Antoine Berjon (1754 – 1843), Portrait d’homme de profil. Pierre noire et rehauts de craie blanche sur papier préparé bleu-gris – 354 x 285 mm Fondation Custodia, Collection Frits Lugt, Paris
La vision « orientée » d’un collectionneur
Les collections que conserve et présente la Fondation Custodia donnent du XIXe siècle un aperçu très particulier, peut-être aussi parce que les acquisitions du collectionneur pour la période concernée, de son vivant, ont été peu nombreuses. Ainsi les compositions pour tableaux narratifs des peintres néoclassiques ont été laissés de côté alors que les réalisations des peintres académiques y ont une place, avec, parfois, des œuvres surprenantes au regard de leur peinture. Les genres de prédilection qui ont guidé le collectionneur s’y retrouvent : les paysages, les portraits, les figures y occupent la plus large place. François Marius Granet, Pierre-Henri de Valenciennes, Achille Etna Michallon, Jean-Baptiste Corot, les frères Flandrin, Hippolyte, Paul et Auguste, Louis-Nicolas Cabat, Paul Huet, Eugène Isabey, Théodore Rousseau, Henri Harpignies y font figure de fidèles. Mais dans le domaine du paysage, par exemple, si les peintres de l’école de Barbizon – même si l’appellation est aujourd’hui contestée – sont présents, l’impressionnisme et le postimpressionnisme sont totalement absents. Ni Monet, ni Manet, ni Cézanne n’apparaissent, pas plus que Seurat, Signac, Gauguin ou Van Gogh. De la même manière, nombre de peintres et graveurs romantiques ne sont pas représentés. Ni Eugène et Achille Devéria, ni Tony Johannot n’apparaissent et le choix des thèmes écarte, bien évidemment la caricature, Jean-Jacques Granville, Paul Gavarni – dont Une porte à Montmartre (août 1832), seule œuvre présente dans l’exposition, ne donne qu’une vision très parcellaire – ou Honoré Daumier dont l’œuvre peint déborde grandement le simple champ de la caricature.

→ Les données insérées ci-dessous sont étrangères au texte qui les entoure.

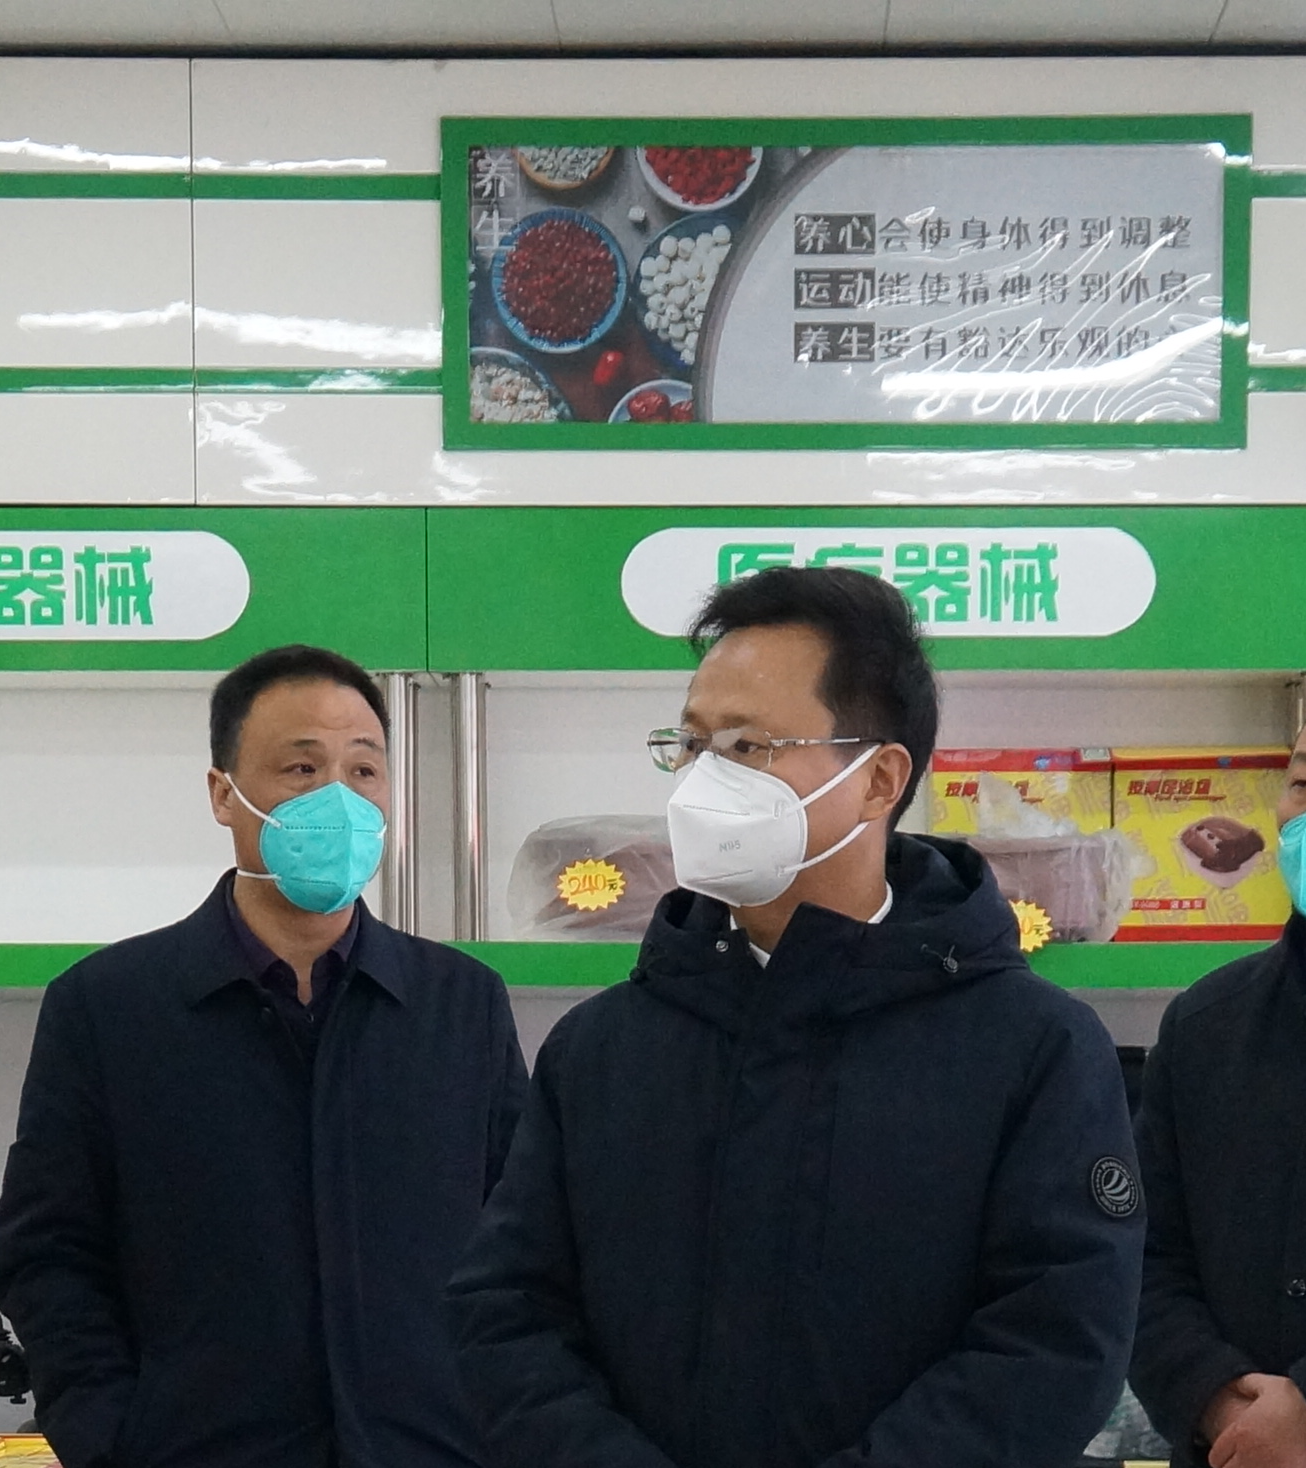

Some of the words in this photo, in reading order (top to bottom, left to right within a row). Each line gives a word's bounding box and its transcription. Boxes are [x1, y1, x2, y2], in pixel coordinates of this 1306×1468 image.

[795, 214, 1191, 252] 养心会使身体得到调整
[795, 270, 1190, 308] 运动能使精神得到休息

François Marius Granet (1775 – 1849), Terrasse à Castellar, 1846. Aquarelle sur un tracé au graphite. – 165 x 241 mm. Fondation Custodia, Collection Frits Lugt, Paris
Entre paysages et portraits
L’exposition conjugue un parti pris chronologique avec une organisation thématique dans un parcours où dessins au graphite ou à la plume et lavis rencontrent l’aquarelle, la gouache et le pastel. Elle fait la jonction entre les XVIIIe et XIXe siècles avant d’évoquer tour à tour, croisant chronologie et thèmes, la nature environnante, les arbres, les rochers, les bords de mer, avec une traversée où le « tour » des peintres passe par Rome et le voyage en Italie et où s’épanouit la Provence de François Marius Granet. Les esquisses et études y ont leur place. Portraits et autoportraits reviennent de manière récurrente pour interroger la représentation de la figure humaine. Quant aux scènes de genre très en vogue au siècle précédent, elles sont peu nombreuses et s’apparentent à des notations occasionnelles plus qu’à un thème délibéré. Artistes reconnus par la postérité, ou célébrés de leur temps avant de tomber dans l’oubli, ou encore inconnus mais aux qualités indéniables vont à la rencontre de techniques qui se diversifient avec l’apparition de l’aquarelle autour des années 1820 et le retour en grâce du pastel dans le troisième quart du XIXe siècle.
Louis Cabat (1812-1893), Paysage avec un ciel nuageux, 1836. Aquarelle – 241 x 334 mm. Fondation Custodia, Collection Frits Lugt, Paris
Le paysage, un thème majeur dans l’exposition
On sent, à travers les choix qui sont faits, l’importance que revêt pour le collectionneur les manières d’approcher la nature. L’Aixois François Marius Granet laisse, quarante ans avant Cézanne, de belles aquarelles de paysages provençaux où revient, de manière entêtante, la Sainte-Victoire. De l’aquarelle, Louis Cabat exploite le côté vaporeux, évanescent parfois, estompant la frontière entre le ciel nuageux et la terre d’où monte une brume dont on ne sait si elle est résidu de nuage ou brume d’après la pluie (Paysage avec un ciel nuageux, 1836). Dans Paysage avec une fontaine à Ariccia (1839, plume, encre brune et lavis brun), il procède à l’inverse. C’est le paysage qui « mange » le ciel et bouche la perspective. Théodule Ribot poursuit des recherches plastiques qui témoignent de l’importance accordée à l’immédiateté du geste et à l’épure. Son Paysage (1885), à la plume et à l’encre brun foncé, révèle un minimalisme éloquent dans la représentation de la large et longue plage de Trouville où l’on devine plus qu’on ne les voit, les reflets sur la mer qu’on imagine à marée basse, avec les bâtiments au loin.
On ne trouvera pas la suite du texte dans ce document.